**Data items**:
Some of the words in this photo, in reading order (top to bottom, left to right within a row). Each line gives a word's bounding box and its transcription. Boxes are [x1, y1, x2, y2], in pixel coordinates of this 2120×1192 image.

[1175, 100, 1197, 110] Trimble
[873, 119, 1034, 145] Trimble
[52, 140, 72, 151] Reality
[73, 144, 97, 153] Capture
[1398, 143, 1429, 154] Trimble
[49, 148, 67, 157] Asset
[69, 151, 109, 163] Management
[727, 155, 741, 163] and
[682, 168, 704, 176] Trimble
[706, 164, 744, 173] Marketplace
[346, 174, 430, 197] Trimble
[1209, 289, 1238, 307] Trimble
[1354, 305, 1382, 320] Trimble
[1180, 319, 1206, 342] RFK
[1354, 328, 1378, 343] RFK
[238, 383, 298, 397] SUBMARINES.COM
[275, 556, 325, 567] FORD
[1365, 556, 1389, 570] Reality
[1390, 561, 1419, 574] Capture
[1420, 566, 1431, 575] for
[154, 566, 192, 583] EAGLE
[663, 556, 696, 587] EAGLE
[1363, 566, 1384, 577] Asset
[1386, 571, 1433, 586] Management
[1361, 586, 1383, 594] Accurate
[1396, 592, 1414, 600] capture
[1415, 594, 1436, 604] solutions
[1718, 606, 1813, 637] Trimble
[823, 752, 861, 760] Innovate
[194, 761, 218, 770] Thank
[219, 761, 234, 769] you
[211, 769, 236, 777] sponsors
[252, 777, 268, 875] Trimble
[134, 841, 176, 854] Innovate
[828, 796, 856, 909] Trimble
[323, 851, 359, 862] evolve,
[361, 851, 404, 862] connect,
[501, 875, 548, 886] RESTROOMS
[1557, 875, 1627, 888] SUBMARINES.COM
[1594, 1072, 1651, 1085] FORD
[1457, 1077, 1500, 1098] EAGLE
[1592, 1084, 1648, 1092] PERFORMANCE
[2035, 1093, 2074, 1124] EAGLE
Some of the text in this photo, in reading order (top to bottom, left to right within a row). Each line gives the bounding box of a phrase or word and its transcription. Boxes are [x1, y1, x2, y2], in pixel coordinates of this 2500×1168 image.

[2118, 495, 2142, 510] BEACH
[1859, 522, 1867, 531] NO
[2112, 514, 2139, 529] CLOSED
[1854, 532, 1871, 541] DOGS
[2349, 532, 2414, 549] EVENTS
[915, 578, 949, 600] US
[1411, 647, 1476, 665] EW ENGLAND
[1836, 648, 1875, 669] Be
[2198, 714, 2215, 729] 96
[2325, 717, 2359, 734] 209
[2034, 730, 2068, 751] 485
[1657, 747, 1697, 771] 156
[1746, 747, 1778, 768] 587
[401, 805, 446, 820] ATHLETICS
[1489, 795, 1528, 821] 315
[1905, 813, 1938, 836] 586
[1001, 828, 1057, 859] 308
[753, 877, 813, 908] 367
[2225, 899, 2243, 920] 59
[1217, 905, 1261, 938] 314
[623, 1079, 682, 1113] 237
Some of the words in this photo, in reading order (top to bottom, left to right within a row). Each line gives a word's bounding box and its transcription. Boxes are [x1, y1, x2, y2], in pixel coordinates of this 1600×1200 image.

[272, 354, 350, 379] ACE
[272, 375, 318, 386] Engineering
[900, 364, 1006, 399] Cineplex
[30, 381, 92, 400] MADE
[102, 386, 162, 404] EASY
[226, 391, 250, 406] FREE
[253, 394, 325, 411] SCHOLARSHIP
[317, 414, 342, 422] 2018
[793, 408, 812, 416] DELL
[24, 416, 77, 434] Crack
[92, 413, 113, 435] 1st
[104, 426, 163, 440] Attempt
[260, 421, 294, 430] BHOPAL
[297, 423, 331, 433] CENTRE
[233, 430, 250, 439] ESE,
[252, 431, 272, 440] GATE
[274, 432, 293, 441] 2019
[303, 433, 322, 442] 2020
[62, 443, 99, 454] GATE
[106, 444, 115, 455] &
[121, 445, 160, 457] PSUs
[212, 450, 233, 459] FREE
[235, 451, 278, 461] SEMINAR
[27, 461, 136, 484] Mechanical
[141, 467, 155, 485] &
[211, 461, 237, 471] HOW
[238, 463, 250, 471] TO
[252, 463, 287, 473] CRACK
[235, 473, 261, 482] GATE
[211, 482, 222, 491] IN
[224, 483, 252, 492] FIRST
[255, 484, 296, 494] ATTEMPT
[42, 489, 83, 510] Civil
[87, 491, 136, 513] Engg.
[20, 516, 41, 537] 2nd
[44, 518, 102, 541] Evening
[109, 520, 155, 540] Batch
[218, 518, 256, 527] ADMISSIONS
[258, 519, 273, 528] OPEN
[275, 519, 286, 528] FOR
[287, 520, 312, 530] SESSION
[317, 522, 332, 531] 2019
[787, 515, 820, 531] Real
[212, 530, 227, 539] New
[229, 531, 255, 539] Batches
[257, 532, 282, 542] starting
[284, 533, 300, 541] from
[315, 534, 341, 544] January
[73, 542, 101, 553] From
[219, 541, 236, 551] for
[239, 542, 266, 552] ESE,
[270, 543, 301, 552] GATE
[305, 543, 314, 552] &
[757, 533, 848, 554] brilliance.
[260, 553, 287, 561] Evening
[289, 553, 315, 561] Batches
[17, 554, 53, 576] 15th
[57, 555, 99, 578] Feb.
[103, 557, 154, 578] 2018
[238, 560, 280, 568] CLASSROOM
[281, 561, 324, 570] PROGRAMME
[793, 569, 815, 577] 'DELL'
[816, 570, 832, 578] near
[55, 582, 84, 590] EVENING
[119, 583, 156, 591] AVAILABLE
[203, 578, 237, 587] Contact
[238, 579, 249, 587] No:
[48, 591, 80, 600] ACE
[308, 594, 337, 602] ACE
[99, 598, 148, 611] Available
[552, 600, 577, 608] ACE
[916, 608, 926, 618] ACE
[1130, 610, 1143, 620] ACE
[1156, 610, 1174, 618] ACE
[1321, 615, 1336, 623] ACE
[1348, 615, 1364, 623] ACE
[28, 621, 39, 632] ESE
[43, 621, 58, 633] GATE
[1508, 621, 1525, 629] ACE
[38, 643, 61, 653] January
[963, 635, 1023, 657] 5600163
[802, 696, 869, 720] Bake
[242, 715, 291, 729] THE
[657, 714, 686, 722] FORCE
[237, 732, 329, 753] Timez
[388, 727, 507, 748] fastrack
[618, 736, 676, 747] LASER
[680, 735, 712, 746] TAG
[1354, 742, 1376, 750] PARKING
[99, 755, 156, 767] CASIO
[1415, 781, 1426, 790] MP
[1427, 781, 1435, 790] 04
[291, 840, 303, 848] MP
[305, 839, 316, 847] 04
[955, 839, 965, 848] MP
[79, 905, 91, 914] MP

**The task**:
Restate each record exactly as written.

**Written response**:
Some of the words in this photo, in reading order (top to bottom, left to right within a row). Each line gives a word's bounding box and its transcription. Boxes are [x1, y1, x2, y2], in pixel coordinates of this 2120×1192 image.

[1175, 100, 1197, 110] Trimble
[873, 119, 1034, 145] Trimble
[52, 140, 72, 151] Reality
[73, 144, 97, 153] Capture
[1398, 143, 1429, 154] Trimble
[49, 148, 67, 157] Asset
[69, 151, 109, 163] Management
[727, 155, 741, 163] and
[682, 168, 704, 176] Trimble
[706, 164, 744, 173] Marketplace
[346, 174, 430, 197] Trimble
[1209, 289, 1238, 307] Trimble
[1354, 305, 1382, 320] Trimble
[1180, 319, 1206, 342] RFK
[1354, 328, 1378, 343] RFK
[238, 383, 298, 397] SUBMARINES.COM
[275, 556, 325, 567] FORD
[1365, 556, 1389, 570] Reality
[1390, 561, 1419, 574] Capture
[1420, 566, 1431, 575] for
[154, 566, 192, 583] EAGLE
[663, 556, 696, 587] EAGLE
[1363, 566, 1384, 577] Asset
[1386, 571, 1433, 586] Management
[1361, 586, 1383, 594] Accurate
[1396, 592, 1414, 600] capture
[1415, 594, 1436, 604] solutions
[1718, 606, 1813, 637] Trimble
[823, 752, 861, 760] Innovate
[194, 761, 218, 770] Thank
[219, 761, 234, 769] you
[211, 769, 236, 777] sponsors
[252, 777, 268, 875] Trimble
[134, 841, 176, 854] Innovate
[828, 796, 856, 909] Trimble
[323, 851, 359, 862] evolve,
[361, 851, 404, 862] connect,
[501, 875, 548, 886] RESTROOMS
[1557, 875, 1627, 888] SUBMARINES.COM
[1594, 1072, 1651, 1085] FORD
[1457, 1077, 1500, 1098] EAGLE
[1592, 1084, 1648, 1092] PERFORMANCE
[2035, 1093, 2074, 1124] EAGLE
Some of the text in this photo, in reading order (top to bottom, left to right within a row). Each line gives the bounding box of a phrase or word and its transcription. Boxes are [x1, y1, x2, y2], in pixel coordinates of this 2500×1168 image.

[2118, 495, 2142, 510] BEACH
[1859, 522, 1867, 531] NO
[2112, 514, 2139, 529] CLOSED
[1854, 532, 1871, 541] DOGS
[2349, 532, 2414, 549] EVENTS
[915, 578, 949, 600] US
[1411, 647, 1476, 665] EW ENGLAND
[1836, 648, 1875, 669] Be
[2198, 714, 2215, 729] 96
[2325, 717, 2359, 734] 209
[2034, 730, 2068, 751] 485
[1657, 747, 1697, 771] 156
[1746, 747, 1778, 768] 587
[401, 805, 446, 820] ATHLETICS
[1489, 795, 1528, 821] 315
[1905, 813, 1938, 836] 586
[1001, 828, 1057, 859] 308
[753, 877, 813, 908] 367
[2225, 899, 2243, 920] 59
[1217, 905, 1261, 938] 314
[623, 1079, 682, 1113] 237
Some of the words in this photo, in reading order (top to bottom, left to right within a row). Each line gives a word's bounding box and its transcription. Boxes are [x1, y1, x2, y2], in pixel coordinates of this 1600×1200 image.

[272, 354, 350, 379] ACE
[272, 375, 318, 386] Engineering
[900, 364, 1006, 399] Cineplex
[30, 381, 92, 400] MADE
[102, 386, 162, 404] EASY
[226, 391, 250, 406] FREE
[253, 394, 325, 411] SCHOLARSHIP
[317, 414, 342, 422] 2018
[793, 408, 812, 416] DELL
[24, 416, 77, 434] Crack
[92, 413, 113, 435] 1st
[104, 426, 163, 440] Attempt
[260, 421, 294, 430] BHOPAL
[297, 423, 331, 433] CENTRE
[233, 430, 250, 439] ESE,
[252, 431, 272, 440] GATE
[274, 432, 293, 441] 2019
[303, 433, 322, 442] 2020
[62, 443, 99, 454] GATE
[106, 444, 115, 455] &
[121, 445, 160, 457] PSUs
[212, 450, 233, 459] FREE
[235, 451, 278, 461] SEMINAR
[27, 461, 136, 484] Mechanical
[141, 467, 155, 485] &
[211, 461, 237, 471] HOW
[238, 463, 250, 471] TO
[252, 463, 287, 473] CRACK
[235, 473, 261, 482] GATE
[211, 482, 222, 491] IN
[224, 483, 252, 492] FIRST
[255, 484, 296, 494] ATTEMPT
[42, 489, 83, 510] Civil
[87, 491, 136, 513] Engg.
[20, 516, 41, 537] 2nd
[44, 518, 102, 541] Evening
[109, 520, 155, 540] Batch
[218, 518, 256, 527] ADMISSIONS
[258, 519, 273, 528] OPEN
[275, 519, 286, 528] FOR
[287, 520, 312, 530] SESSION
[317, 522, 332, 531] 2019
[787, 515, 820, 531] Real
[212, 530, 227, 539] New
[229, 531, 255, 539] Batches
[257, 532, 282, 542] starting
[284, 533, 300, 541] from
[315, 534, 341, 544] January
[73, 542, 101, 553] From
[219, 541, 236, 551] for
[239, 542, 266, 552] ESE,
[270, 543, 301, 552] GATE
[305, 543, 314, 552] &
[757, 533, 848, 554] brilliance.
[260, 553, 287, 561] Evening
[289, 553, 315, 561] Batches
[17, 554, 53, 576] 15th
[57, 555, 99, 578] Feb.
[103, 557, 154, 578] 2018
[238, 560, 280, 568] CLASSROOM
[281, 561, 324, 570] PROGRAMME
[793, 569, 815, 577] 'DELL'
[816, 570, 832, 578] near
[55, 582, 84, 590] EVENING
[119, 583, 156, 591] AVAILABLE
[203, 578, 237, 587] Contact
[238, 579, 249, 587] No:
[48, 591, 80, 600] ACE
[308, 594, 337, 602] ACE
[99, 598, 148, 611] Available
[552, 600, 577, 608] ACE
[916, 608, 926, 618] ACE
[1130, 610, 1143, 620] ACE
[1156, 610, 1174, 618] ACE
[1321, 615, 1336, 623] ACE
[1348, 615, 1364, 623] ACE
[28, 621, 39, 632] ESE
[43, 621, 58, 633] GATE
[1508, 621, 1525, 629] ACE
[38, 643, 61, 653] January
[963, 635, 1023, 657] 5600163
[802, 696, 869, 720] Bake
[242, 715, 291, 729] THE
[657, 714, 686, 722] FORCE
[237, 732, 329, 753] Timez
[388, 727, 507, 748] fastrack
[618, 736, 676, 747] LASER
[680, 735, 712, 746] TAG
[1354, 742, 1376, 750] PARKING
[99, 755, 156, 767] CASIO
[1415, 781, 1426, 790] MP
[1427, 781, 1435, 790] 04
[291, 840, 303, 848] MP
[305, 839, 316, 847] 04
[955, 839, 965, 848] MP
[79, 905, 91, 914] MP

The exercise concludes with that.